Knife Party singles chronology
| "Battle Sirens" (2016) | "Harpoon" (2018) | "Lost Souls" (2019) |

Pegboard Nerds singles chronology
| "Escape" (2018) | "Harpoon" (2018) | "Steel" (2018) |

Music video
- "Harpoon" on YouTube

= Harpoon (Knife Party and Pegboard Nerds song) =

2018 electro house single

"Harpoon" is a song by Australian electronic music duo Knife Party and Danish-Norwegian electronic music group Pegboard Nerds. Canadian record label Monstercat released it on 26 July 2018 as the first single from Pegboard Nerds' sixth EP, Full Hearts.

==Background and release==
Alexander Odden and Michael Parsberg of Pegboard Nerds initially sent a concept for the collaboration to Rob Swire and Gareth McGrillen of Knife Party, which Swire immediately recorded vocals for. Odden and Parsberg liked the vocals and flew to London for a week to work on the collaboration with Swire and McGrillen in the latter's studio. The song title comes from the main melody used in the song, which Odden and Parsberg described as a harp or middle eastern instrument. Odden briefly saved the melody as "Superharp", though he disliked the name and changed it to "Harpoon".
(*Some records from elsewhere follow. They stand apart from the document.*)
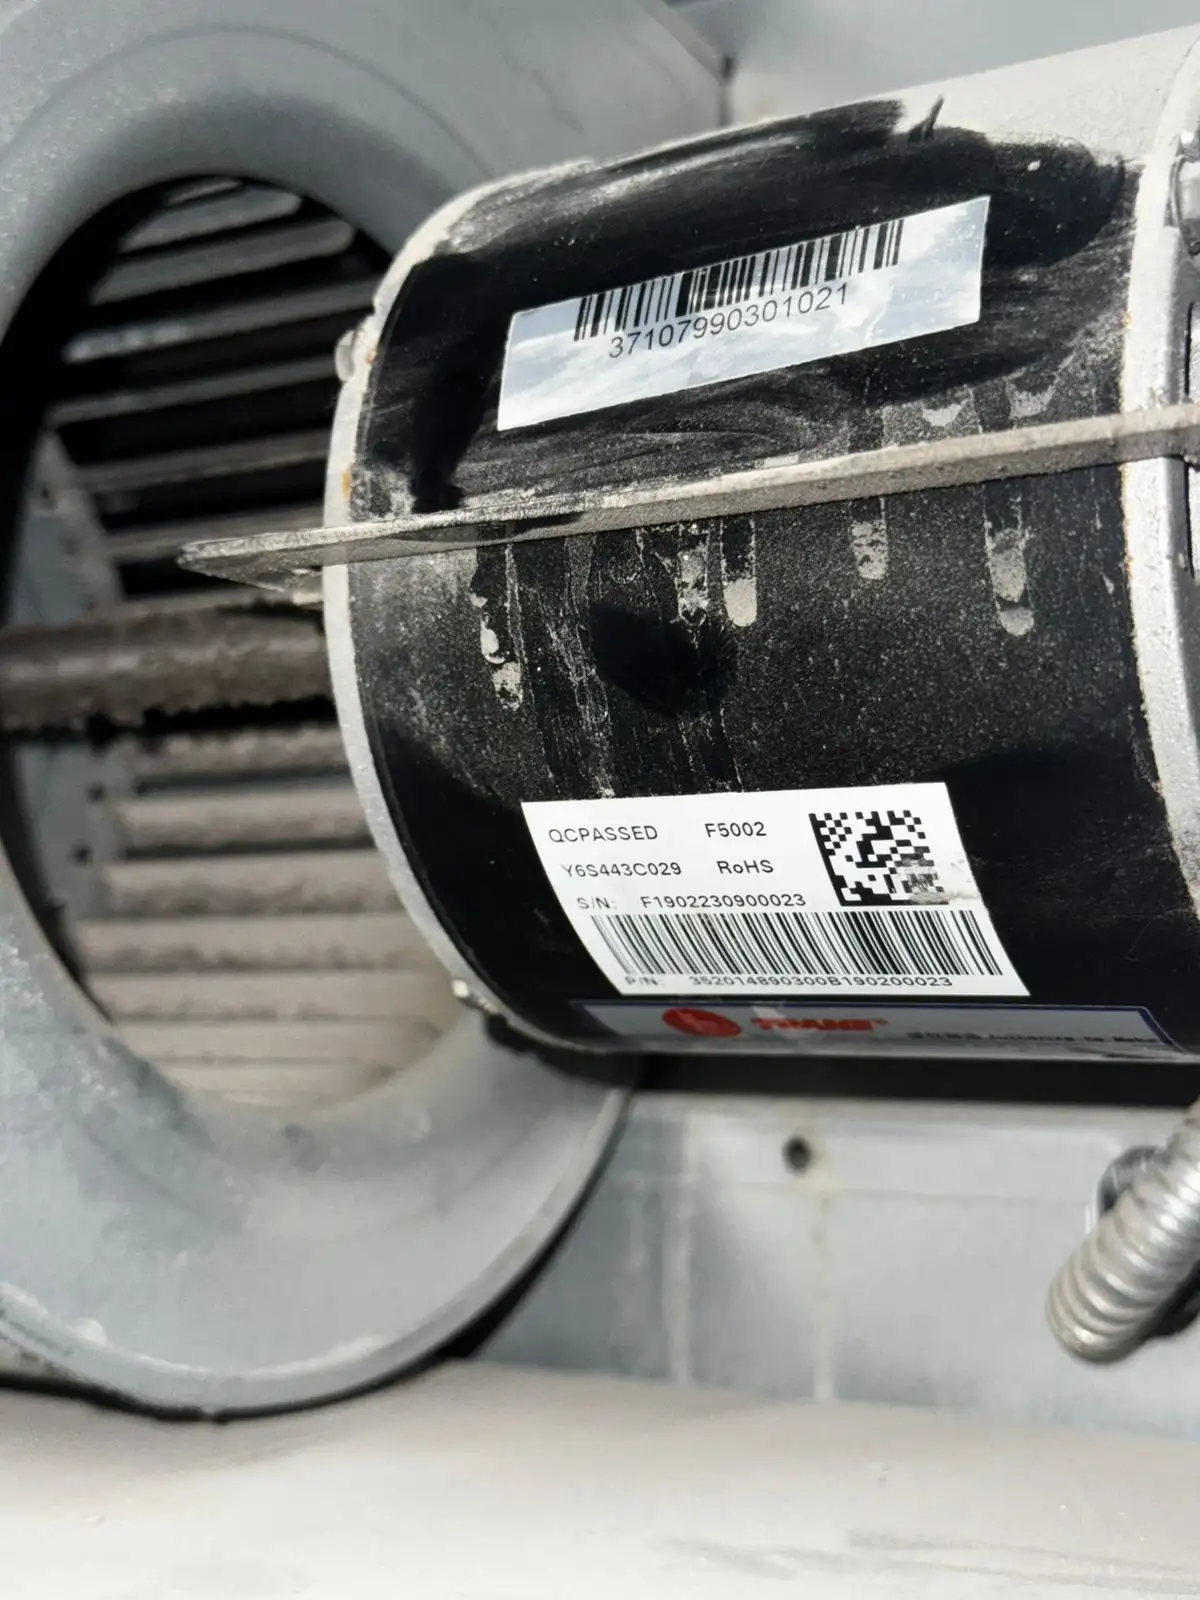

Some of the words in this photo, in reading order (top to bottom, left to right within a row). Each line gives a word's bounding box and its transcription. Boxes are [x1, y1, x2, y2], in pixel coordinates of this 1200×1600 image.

[608, 284, 848, 359] 37107990301021
[548, 824, 659, 844] QCPASSED
[704, 820, 768, 839] F5002
[560, 860, 682, 879] Y6S443C029
[716, 858, 775, 877] RoHS
[640, 892, 807, 910] F1902230900023
On 9 May 2018, Swire announced a collaboration between Knife Party and Pegboard Nerds. In a Twitter post, Swire wrote that Odden and Parsberg "reminded me that house music is better when you use cool synths, and I taught them that dubstep just leads to ass-eating competitions." Odden and Parsberg debuted the song at Dreamhack Austin 2018, featuring Swire's pitched-up vocals.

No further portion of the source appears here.